Two leading UK employers have ditched university scores as a key measure in their graduate recruitment programmes.
Ernst & Young and PwC are removing compulsory education scores from their graduate recruitment programmes in the hope of diversifying their talent pool.
As a result, E&Y’s UK graduate recruiting team will be removing the degree classification from its entry criteria, stating that there’s “no evidence” to support the notion that success at university correlates with achievement in later life.
E&Y are following in the steps of PwCs’ UK branch, who have already scrapped using UCAS points as entry criteria for their graduate scheme.

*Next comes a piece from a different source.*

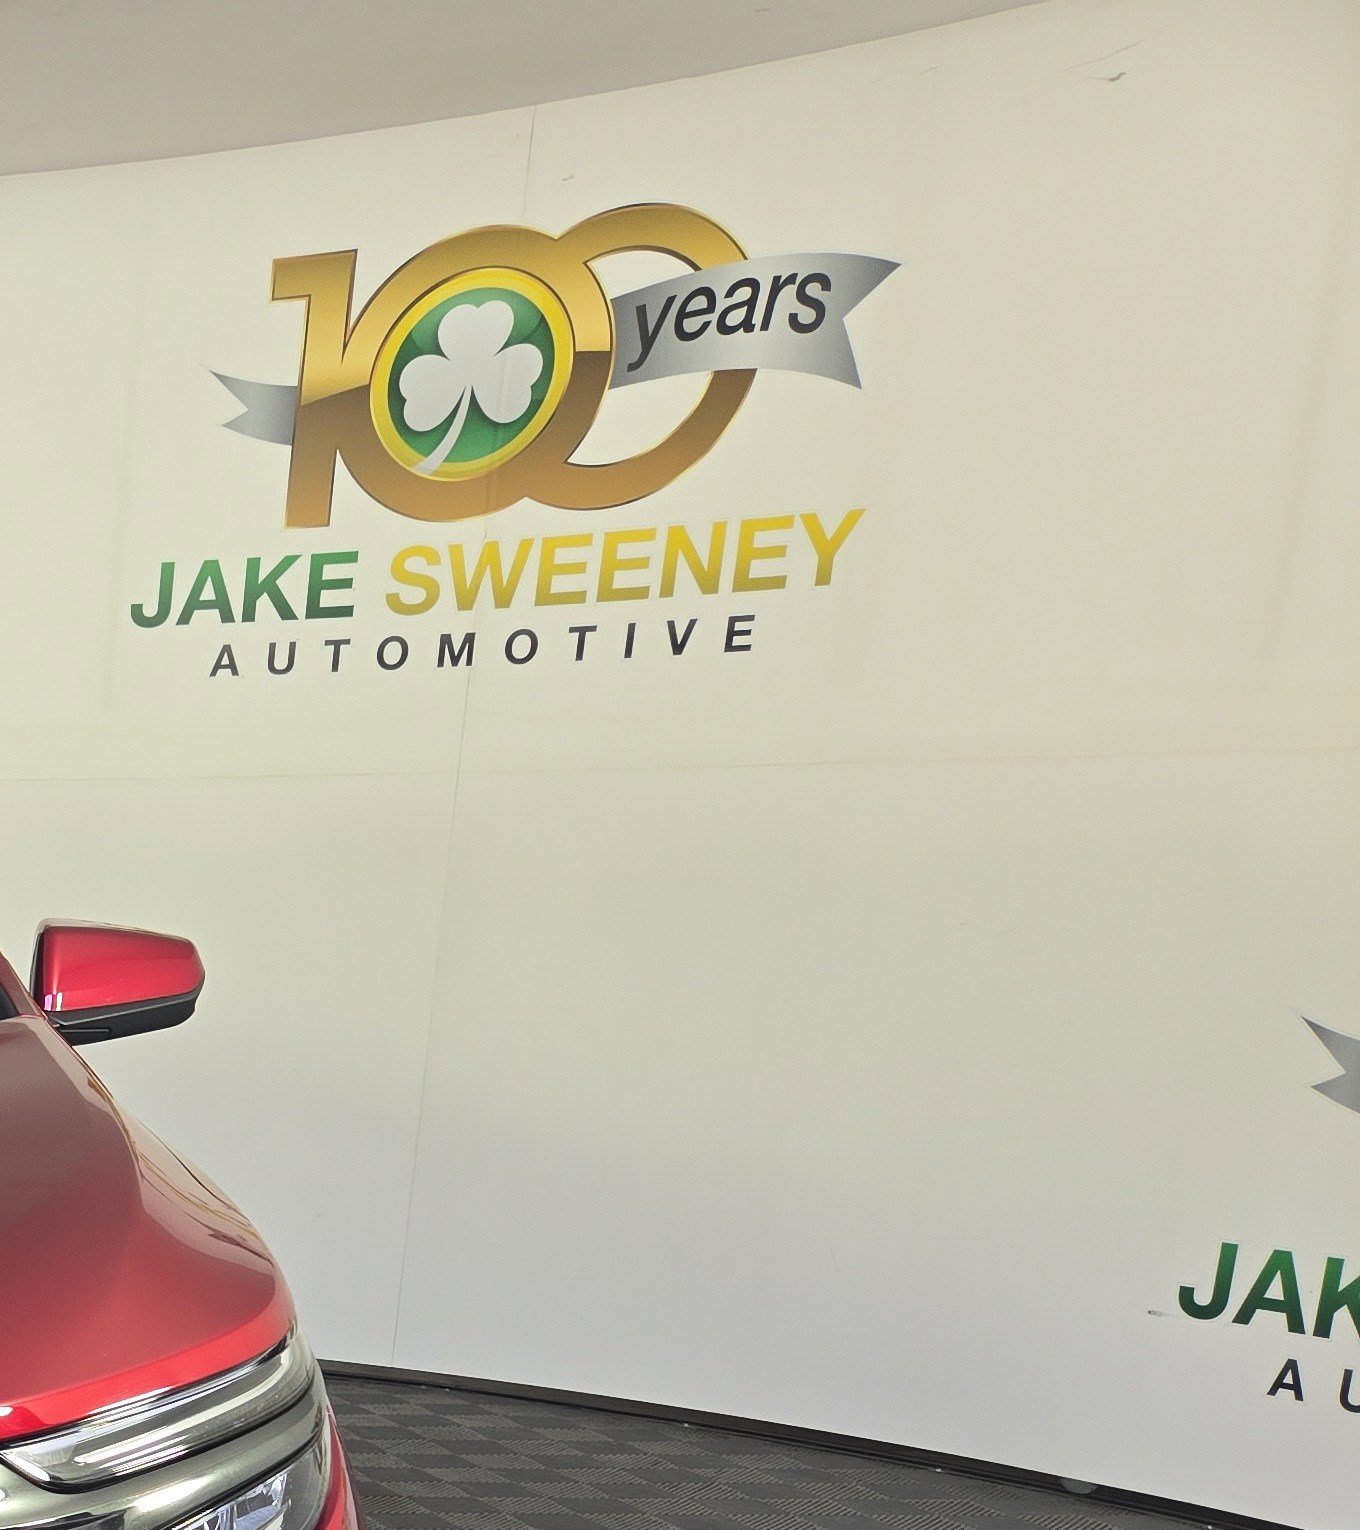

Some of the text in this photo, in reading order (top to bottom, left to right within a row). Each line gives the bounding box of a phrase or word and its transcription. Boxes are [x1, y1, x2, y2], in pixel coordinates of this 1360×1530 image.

Maggie Stilwell, EY’s managing partner for talent, believes Academic qualifications will still be taken into account and indeed remain an important consideration when assessing candidates as a whole, but will “no longer act as a barrier to getting a foot in the door.”
The audit firm believes placing too much emphasis on the scores will mean employers may miss out on key talent from disadvantaged backgrounds, who can perform less well at school.

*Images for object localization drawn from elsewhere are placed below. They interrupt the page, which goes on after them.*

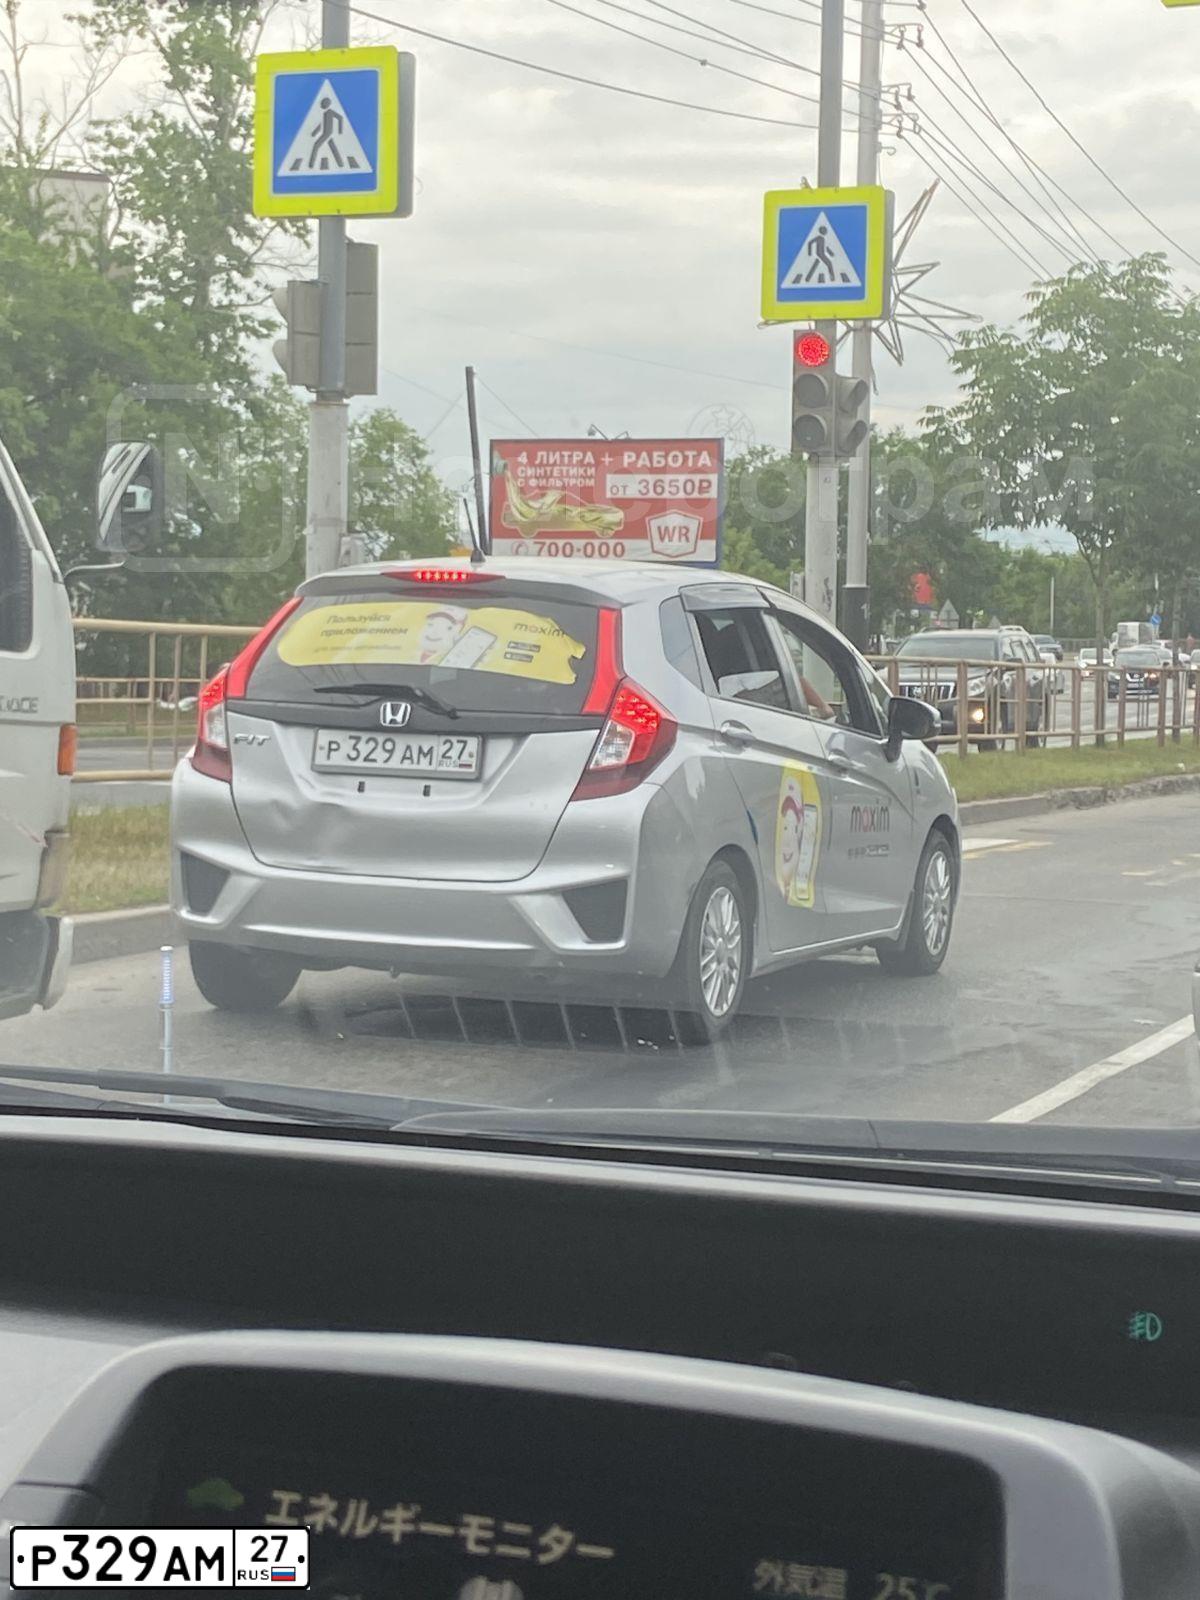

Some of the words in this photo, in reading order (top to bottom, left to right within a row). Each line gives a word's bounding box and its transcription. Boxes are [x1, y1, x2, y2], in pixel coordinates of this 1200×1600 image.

[517, 452, 528, 465] 4
[534, 451, 595, 465] ЛИТРА
[601, 454, 614, 467] +
[623, 451, 712, 468] РАБОТА
[517, 466, 596, 478] СИНТЕТИКИ
[528, 478, 595, 488] ФИЛЬТРОМ
[658, 525, 690, 543] WR
[441, 739, 468, 760] 27
[264, 1489, 616, 1565] エネルギーモニター

“The move by two of the UK’s biggest graduate employers is indicative of a changing paradigm in recruitment and people development,” observes Grant Burley, Director, Absolute IT - an IT recruitment firm in New Zealand.
“That workplace culture and innovative thinking can often take precendence over IQ scores and university grades. So what can we learn from this down-under?”
Skill sets over degrees when it comes to IT jobs
“Is it better to be book smart or street smart?” Burley asks.
Burley believes that many of those individuals without an advanced or tertiary education will be inclined to say they’ve done just fine in life without pursuing academia, whilst those with plenty of formal learning may attribute their success wholely to their classroom and university education.
“But when it comes to IT jobs and the tech sector, some of the greatest thinkers and entrepreneurs don’t have formal IT education,” Burley adds.
“Henry Ford (Ford Motors), Bill Gates (Microsoft), Mark Zuckerberg (Facebook), and Larry Page (Google) are some of the world’s most famous college dropouts.
“Constrained by the formalities of education institutions these dropouts went on to form some of the most successful tech companies in history.”
Education and earning potential
Previous Absolute IT research found that New Zealand tech professionals with 10 years experience and a degree earn upwards of 12 percent more than those without a degree and the gap only increases as their careers progress.